== Assignment ==
Retype each entry verbatim. Do not include the images.
[Data provided — start]
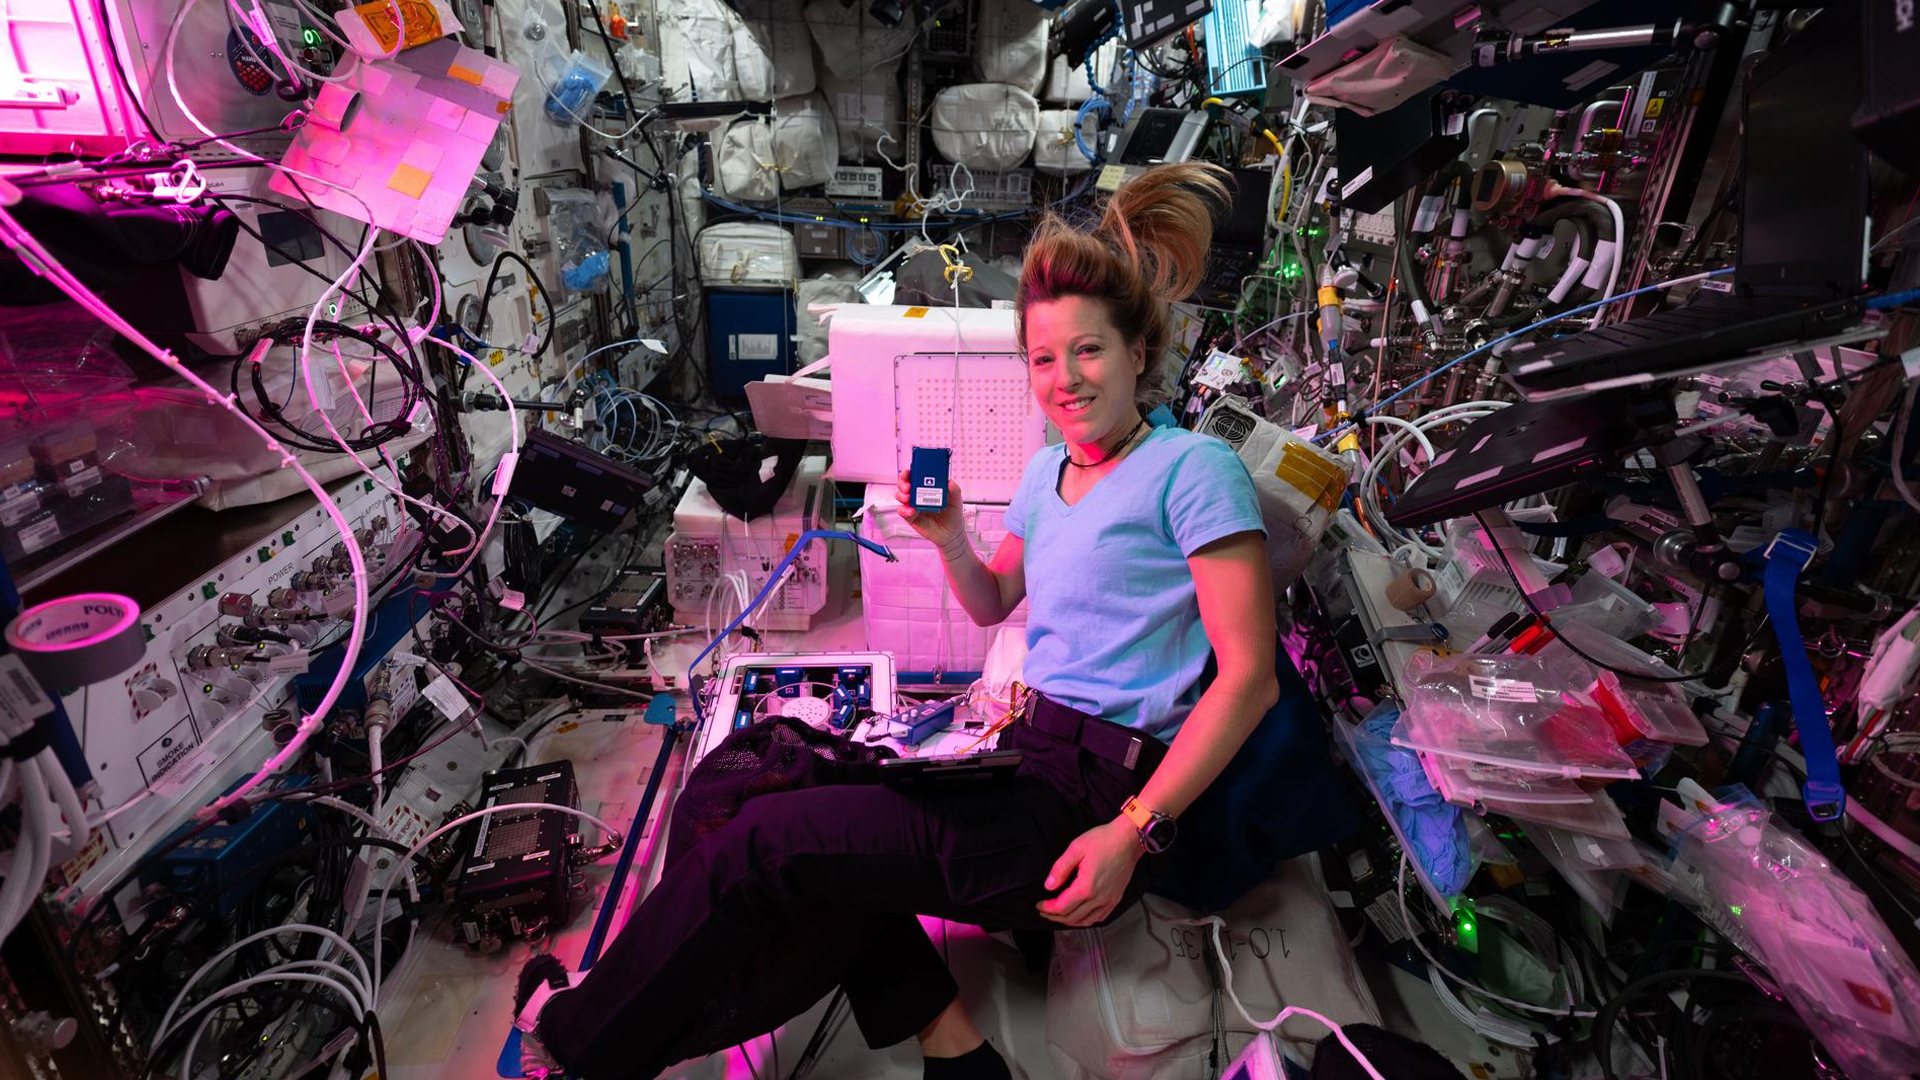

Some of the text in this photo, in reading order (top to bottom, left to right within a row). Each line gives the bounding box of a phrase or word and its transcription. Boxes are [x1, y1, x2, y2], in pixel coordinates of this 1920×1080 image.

[268, 562, 294, 586] POWER
[152, 743, 195, 783] INDICATION
[157, 743, 185, 769] SMOKE
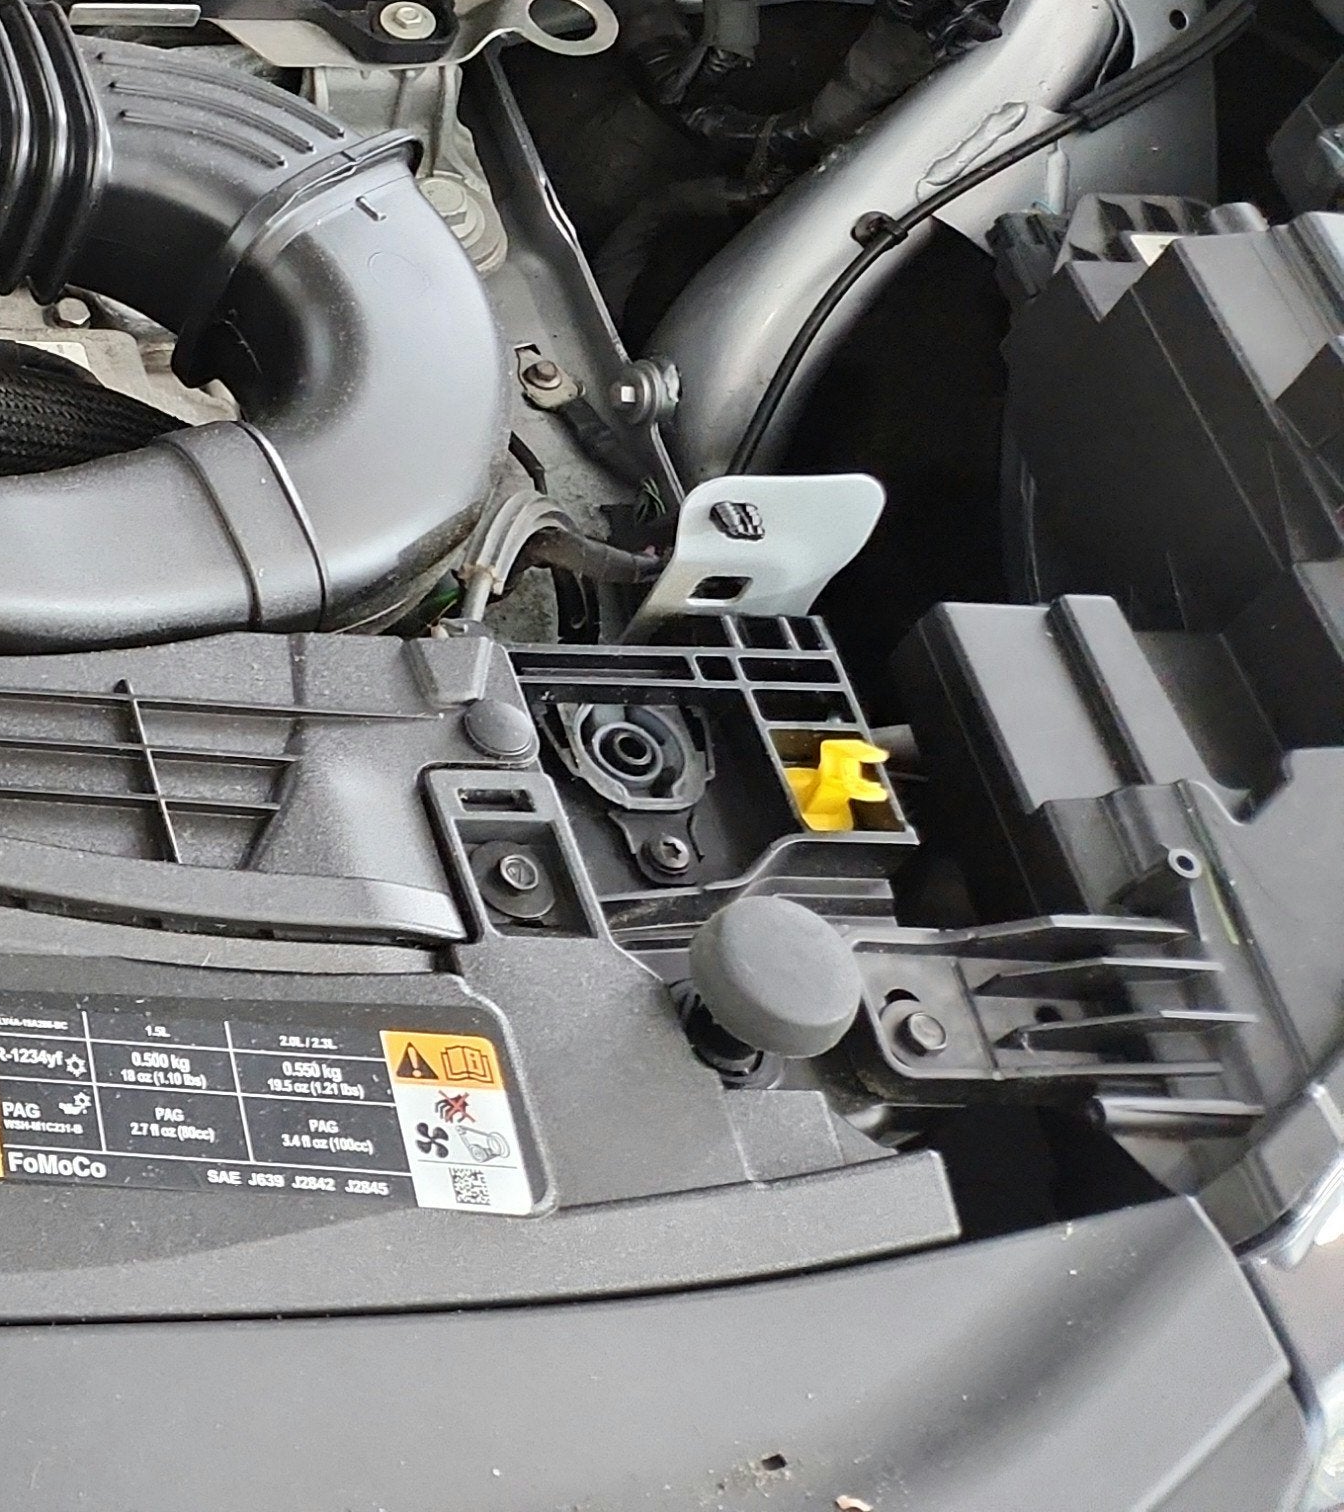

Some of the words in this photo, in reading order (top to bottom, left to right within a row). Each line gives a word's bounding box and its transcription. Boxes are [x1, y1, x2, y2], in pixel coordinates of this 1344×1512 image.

[145, 1025, 171, 1038] 1.5L
[131, 1052, 169, 1069] 0.500
[171, 1055, 190, 1073] kg
[282, 1061, 320, 1078] 0.550
[322, 1063, 343, 1082] kg
[120, 1068, 135, 1082] 18
[137, 1072, 153, 1083] oz
[154, 1070, 182, 1087] (1.10
[183, 1073, 207, 1090] lbs)
[267, 1078, 293, 1092] 19.5
[294, 1082, 310, 1093] oz
[311, 1080, 339, 1097] (1.21
[341, 1082, 365, 1100] lbs)
[2, 1101, 41, 1119] PAG
[154, 1107, 185, 1122] PAG
[130, 1122, 149, 1137] 2.7
[150, 1123, 160, 1137] fl
[161, 1127, 178, 1138] oz
[308, 1119, 339, 1134] PAG
[281, 1134, 301, 1148] 3.4
[302, 1134, 311, 1148] fl
[312, 1138, 329, 1149] oz
[7, 1151, 107, 1179] FoMoCo
[207, 1169, 243, 1185] SAE
[248, 1172, 286, 1188] J639
[344, 1179, 390, 1196] J2845
[Data provided — finish]
== Finished task ==
Some of the text in this photo, in reading order (top to bottom, left to right within a row). Each line gives the bounding box of a phrase or word and its transcription. Boxes are [x1, y1, x2, y2], in pixel coordinates of this 1920×1080 image.

[268, 562, 294, 586] POWER
[152, 743, 195, 783] INDICATION
[157, 743, 185, 769] SMOKE

Some of the words in this photo, in reading order (top to bottom, left to right within a row). Each line gives a word's bounding box and its transcription. Boxes are [x1, y1, x2, y2], in pixel coordinates of this 1344×1512 image.

[145, 1025, 171, 1038] 1.5L
[131, 1052, 169, 1069] 0.500
[171, 1055, 190, 1073] kg
[282, 1061, 320, 1078] 0.550
[322, 1063, 343, 1082] kg
[120, 1068, 135, 1082] 18
[137, 1072, 153, 1083] oz
[154, 1070, 182, 1087] (1.10
[183, 1073, 207, 1090] lbs)
[267, 1078, 293, 1092] 19.5
[294, 1082, 310, 1093] oz
[311, 1080, 339, 1097] (1.21
[341, 1082, 365, 1100] lbs)
[2, 1101, 41, 1119] PAG
[154, 1107, 185, 1122] PAG
[130, 1122, 149, 1137] 2.7
[150, 1123, 160, 1137] fl
[161, 1127, 178, 1138] oz
[308, 1119, 339, 1134] PAG
[281, 1134, 301, 1148] 3.4
[302, 1134, 311, 1148] fl
[312, 1138, 329, 1149] oz
[7, 1151, 107, 1179] FoMoCo
[207, 1169, 243, 1185] SAE
[248, 1172, 286, 1188] J639
[344, 1179, 390, 1196] J2845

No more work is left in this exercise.